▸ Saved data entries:
________________________
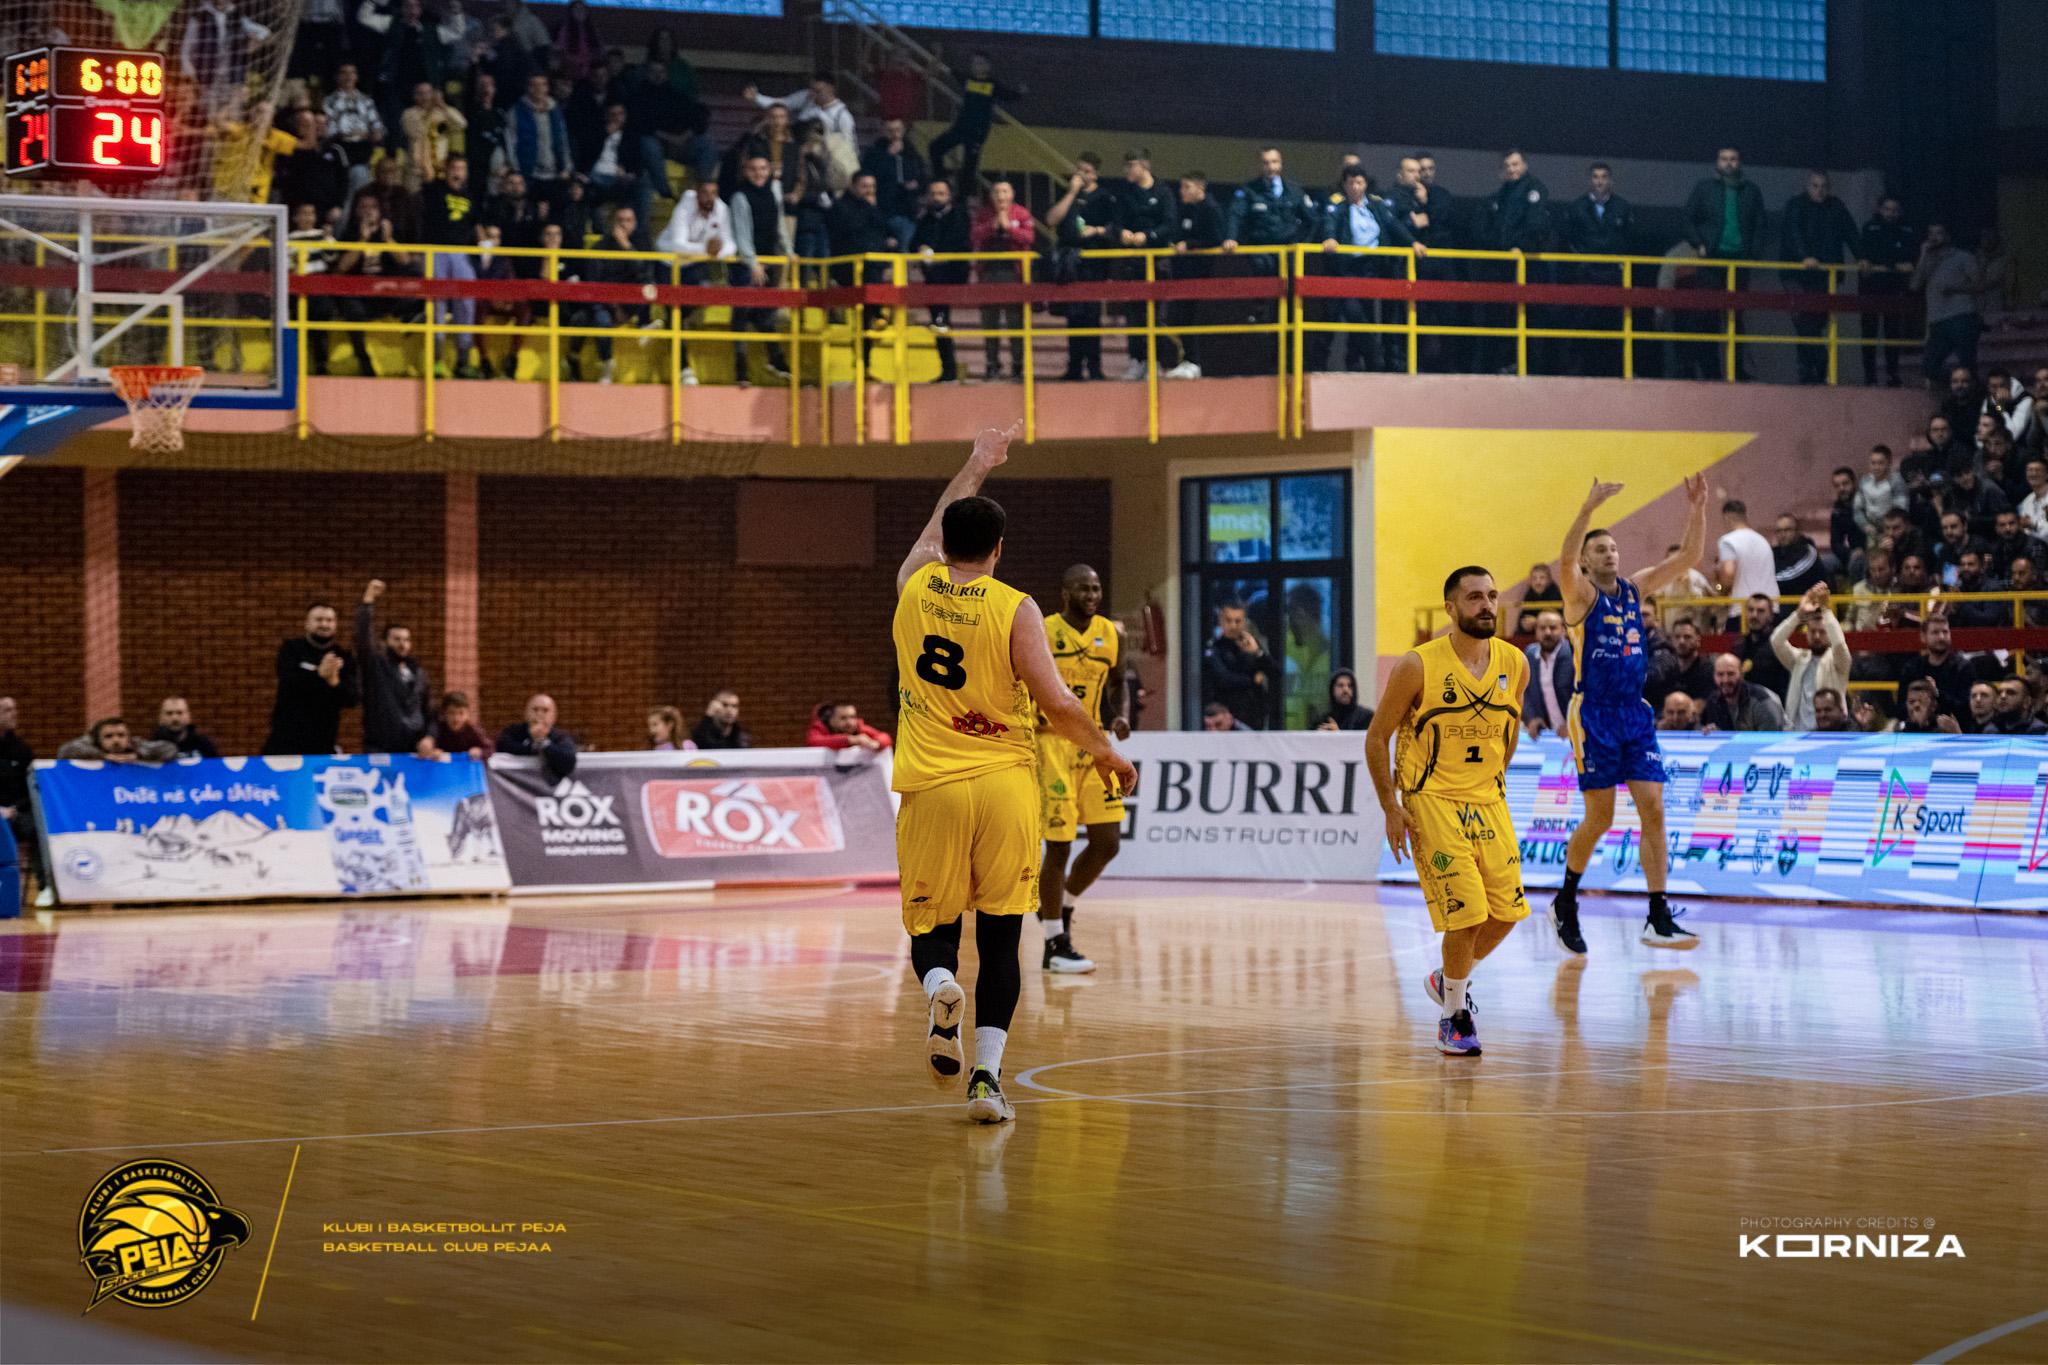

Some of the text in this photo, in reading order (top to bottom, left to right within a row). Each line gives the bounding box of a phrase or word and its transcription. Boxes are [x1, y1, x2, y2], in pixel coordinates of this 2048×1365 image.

[81, 58, 162, 95] 6:00
[20, 113, 49, 166] 24
[92, 112, 161, 165] 24
[921, 599, 980, 626] VESELI
[916, 635, 967, 690] 8
[1444, 725, 1502, 739] PEJA
[1465, 746, 1483, 763] 1
[1153, 759, 1361, 816] BURRI
[541, 828, 626, 843] MOVING
[1532, 818, 1564, 831] SPORT
[1894, 804, 1966, 837] K Sport
[1147, 825, 1359, 847] CONSTRUCTION
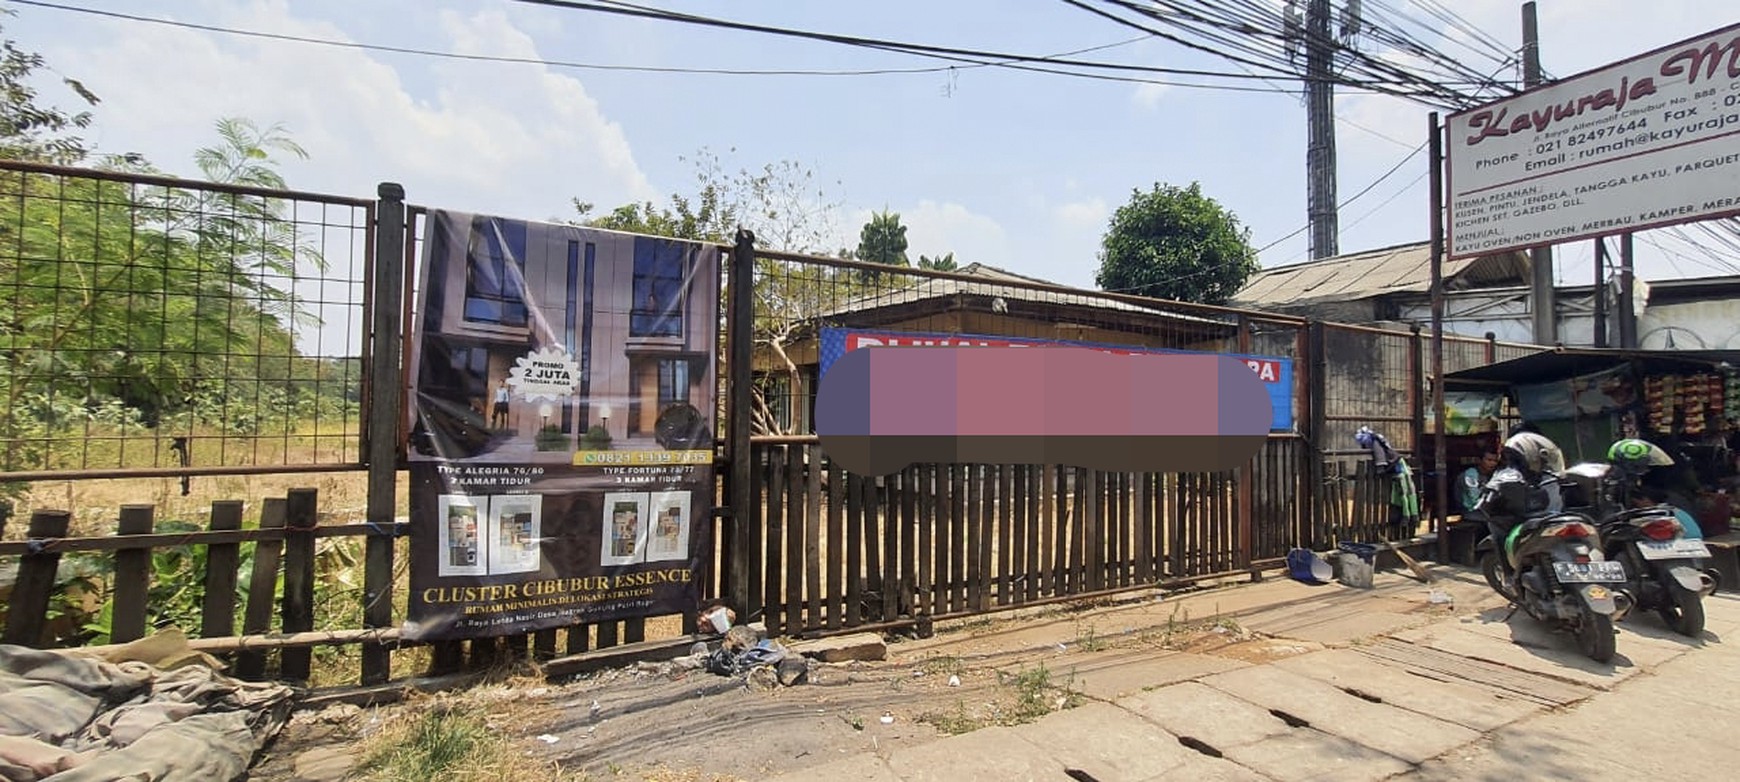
________________________
▸ Work to complete: What you return must match the records line for line, with the pictures left out.

▸ Reply:
Some of the text in this photo, in reading order (top to bottom, left to right within a row). Each line gives the bounding box of a phrase or word and its transcription. Boxes are [x1, y1, x2, y2], in pixel coordinates of this 2048×1365 image.

[81, 58, 162, 95] 6:00
[20, 113, 49, 166] 24
[92, 112, 161, 165] 24
[921, 599, 980, 626] VESELI
[916, 635, 967, 690] 8
[1444, 725, 1502, 739] PEJA
[1465, 746, 1483, 763] 1
[1153, 759, 1361, 816] BURRI
[541, 828, 626, 843] MOVING
[1532, 818, 1564, 831] SPORT
[1894, 804, 1966, 837] K Sport
[1147, 825, 1359, 847] CONSTRUCTION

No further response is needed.